Methyl acetoacetate

Administrative data

Endpoint:

acute toxicity: oral

Type of information:

experimental study

Adequacy of study:

key study

Reliability:

2 (reliable with restrictions)

Rationale for reliability incl. deficiencies:

other: see 'Remark'

Remarks:

the study was performed before GLP- and OECD-testing guidelines were available and in force; therefore the study was considered to have Klimisch 2, however itprovides enough information to assess the acute toxicity after to rats after oral application

Data source

Materials and methods

GLP compliance:

no

Remarks:

GLP-guidelines not yet in force at date of the study

Test type:

standard acute method

Limit test:

no

Test material

Test animals

Species:

rat

Strain:

not specified

Sex:

male/female

Details on test animals or test system and environmental conditions:

Fasted albino rats were used in this study.

Administration / exposure

Route of administration:

oral: gavage

Vehicle:

unchanged (no vehicle)

Details on oral exposure:

The product under test was placed in a glass syringe and introduced through the esophagus into the stomach with a stainless steel catheter.

Doses:

6 dose groups (males & females) with dosages of:
- 0 mg/kg (control)
- 1000 mg/kg
- 2000 mg/kg
- 2500 mg/kg
- 3200 mg/kg
- 4000 mg/kg
- 8000 mg/kg

No. of animals per sex per dose:

Five animals per sex and dose

Control animals:

yes

Details on study design:

A group of approximately 70 albino male and female rats, fasted for twenty-four hours were employed to establish an LD50 range for each product under test.

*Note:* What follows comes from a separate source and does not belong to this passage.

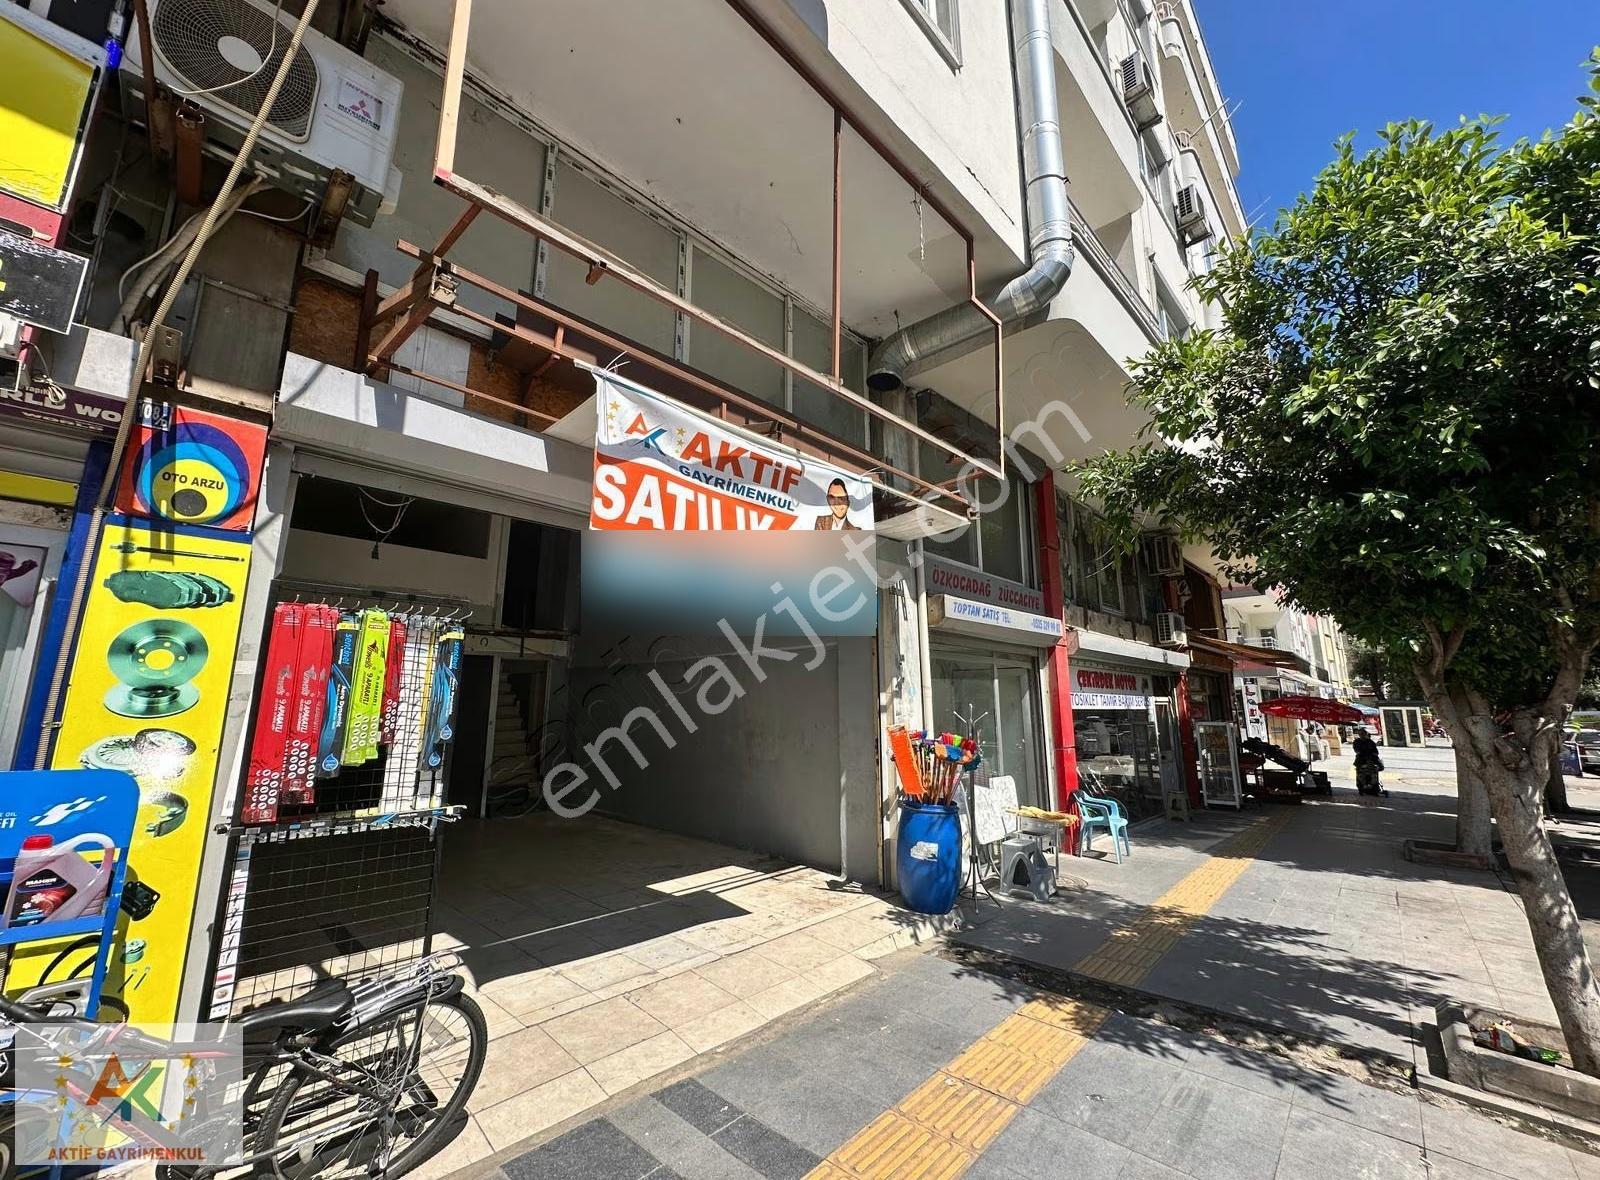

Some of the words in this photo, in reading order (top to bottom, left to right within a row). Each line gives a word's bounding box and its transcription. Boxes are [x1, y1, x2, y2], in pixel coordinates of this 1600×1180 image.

Young adult rats which had not been used for previous test purposes were assigned to various dose levels at random. Both sexes were equally distributed. Body weight of the rats was 200-300 grams at the beginning of the study. Animals on the same dosage level were then placed in a common cage with free access to food and water. The animals were observed daily for a two week period. No postmortem, or histopathology examinations were performed in this particular study.

Statistics:

no data

Results and discussion

Preliminary study:

No preliminary test performed.

Effect levelsopen allclose all

Mortality:

No mortality was observed at dose concentrations of 1000 and 2000 mg/kg. Animals were found dead at 2500 mg/kg and above in males and at 3200 mg/kg and above in females. Details are given in the table below.

Clinical signs:

other: Males & females dosed at 1.0 g/kg and 2.0 g/kg were sluggish and unkempt following intubation. Normalcy prevailed within 48 hours. Lethargy, nasal hemorrhage and dirty unkempt coats were noted in all animals dosed at levels ranging from 2.5 g/kg. to 4.0 g

Gross pathology:

No postmortem, or histopathology examinations were performed in this particular study.

Other findings:

no data

Any other information on results incl. tables

Mortality:

Dose Level (mg/kg)	No. of deaths (males)	Number of deaths (females)
1000	0	0
2000	0	0
2500	3	0
3200	4	2
4000	5 (4 at day 1 & 1 at day 3)	4
8000	5	5

Applicant's summary and conclusion

Interpretation of results:

not classified

Remarks:

Migrated information Criteria used for interpretation of results: EU

Conclusions:

The acute oral toxicity on Albino rats was determined to be 2580 mg/kg for males and 3370 mg/kg for females.

Executive summary:

The study was carried out equivalent or similar to EU Method B.1 and OECD Guideline 401 (Acute Oral Toxicity). 6 groups of 10 rats (5 male, 5 female) were treated by gavage with doses from 1000 up to 8000 mg/kg.Males & females dosed at 1.0 g/kg and 2.0 g/kg were sluggish and unkempt following intubation. Normalcy prevailed within 48 hours. Lethargy, nasal hemorrhage and dirty unkempt coats were noted in all animals dosed at levels ranging from 2.5 g/kg. to 4.0 g/kg. Death animals were observed at dose levels of 2500 mg/kg and above. At 8000 mg/kg, the animals were comatose immediately after forced feeding and succumbed within 15 minutes.The LD50 value obtained for males was 2580 mg/kg bw and for females 3370 mg/kg bw.